Characterization of the catalytic defect in the dysthrombin, Thrombin Quick

The dysthrombin, Thrombin Quick, is chromatographically separable into two components designated Thrombin Quick I and Thrombin Quick II. Thrombin Quick II lacks observable catalytic activity toward thrombin substrates. The steady-state kinetics of hydrolysis of benzoylarginine ethyl ester and Tos-Gly-Pro-Arg-p-nitroanilide by Thrombin Quick I are equivalent to those of thrombin. These results, in addition to binding studies with the active site titrant N2-(5-dimethylaminonaphthalene-1-sulfonyl)arginine N-(3-ethyl-1,5-pentanediyl)amide, indicate that binding interactions at the catalytic site of Thrombin Quick I are unaltered. Thrombin Quick I is inhibited by anti-thrombin III at the same rate as thrombin.
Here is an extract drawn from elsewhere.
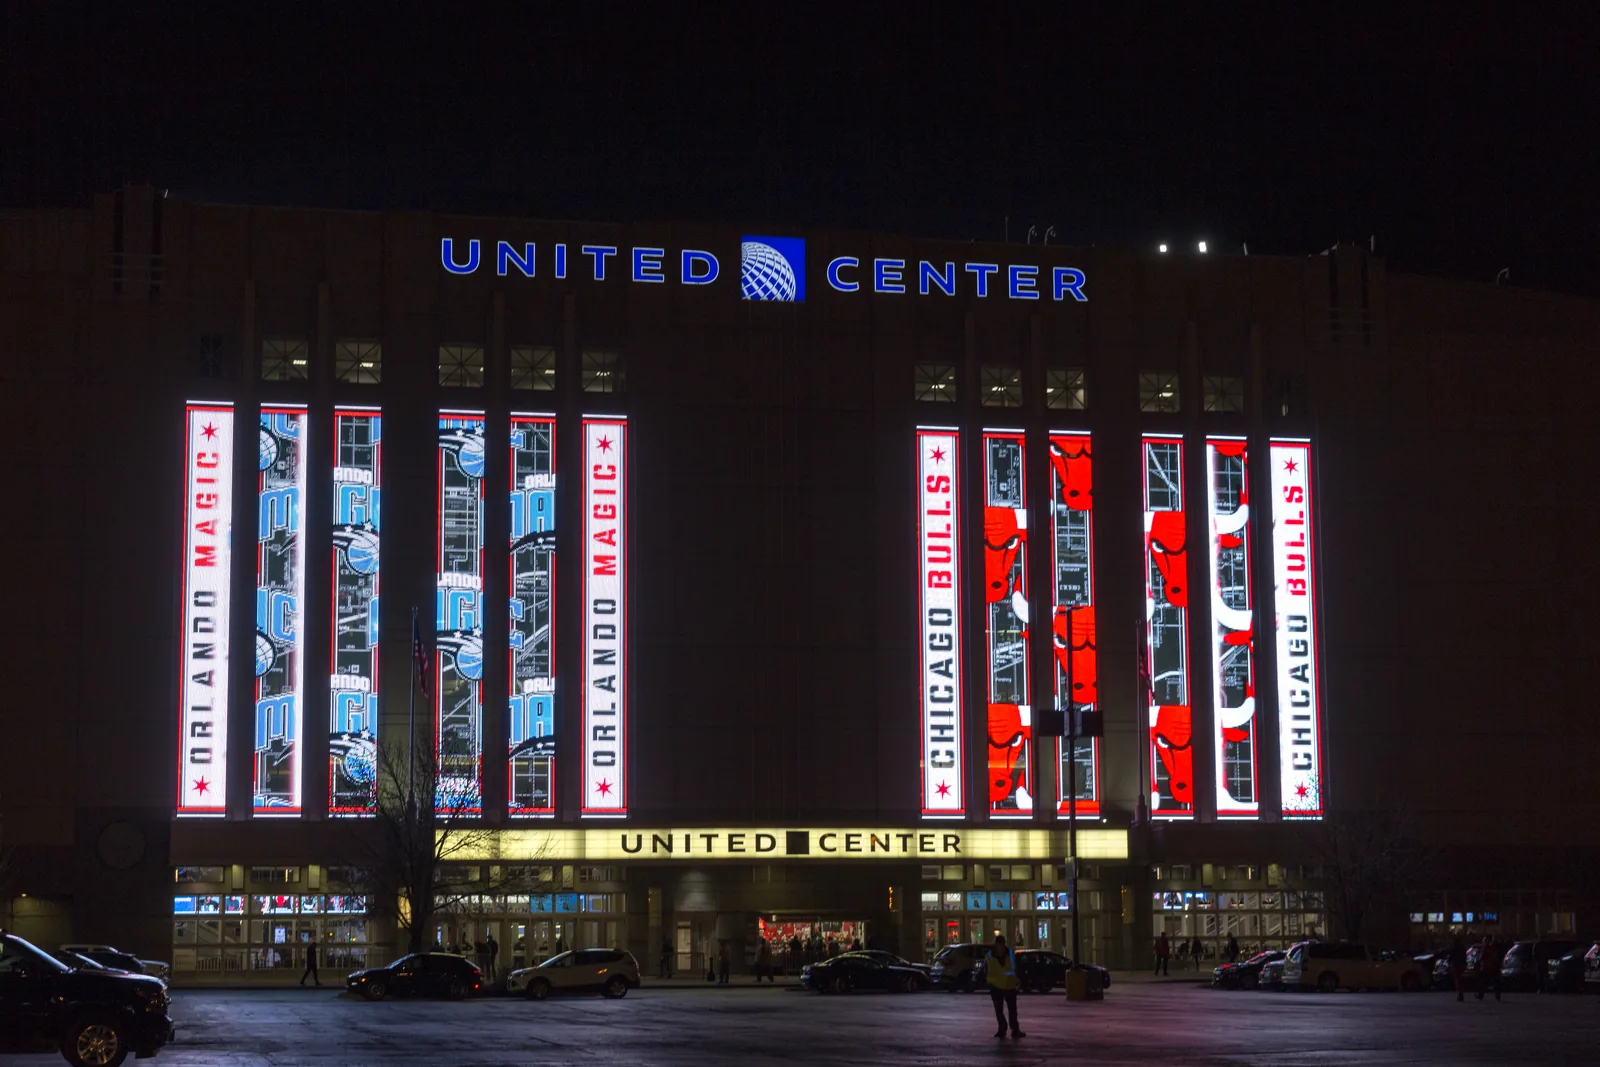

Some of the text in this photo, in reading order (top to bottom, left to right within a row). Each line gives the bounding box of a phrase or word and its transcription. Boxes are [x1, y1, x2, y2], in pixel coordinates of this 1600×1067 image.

Steady-state kinetic parameters for the release of fibrinopeptide A indicate defects in both kcat and Km for Thrombin Quick I with kcat/Km equal to 0.012 of the value for thrombin, corresponding to the relative fibrinogen clotting activity of 0.013. The results are interpreted as indicating a defect in Thrombin Quick I at a binding site, external to the catalytic site, which is essential for determining specificity toward fibrinogen. The defect in kcat may result secondarily from small perturbations in the steric relationship of the catalytic triad residues. The rate of hydrolysis by Thrombin Quick I of the protein substrates bovine prothrombin and bovine protein C (in the absence of cofactors) is about one-third of that observed for thrombin, indicating that hydrolysis of these substrates by thrombin involves different specificity determinants than does the hydrolysis of fibrinogen.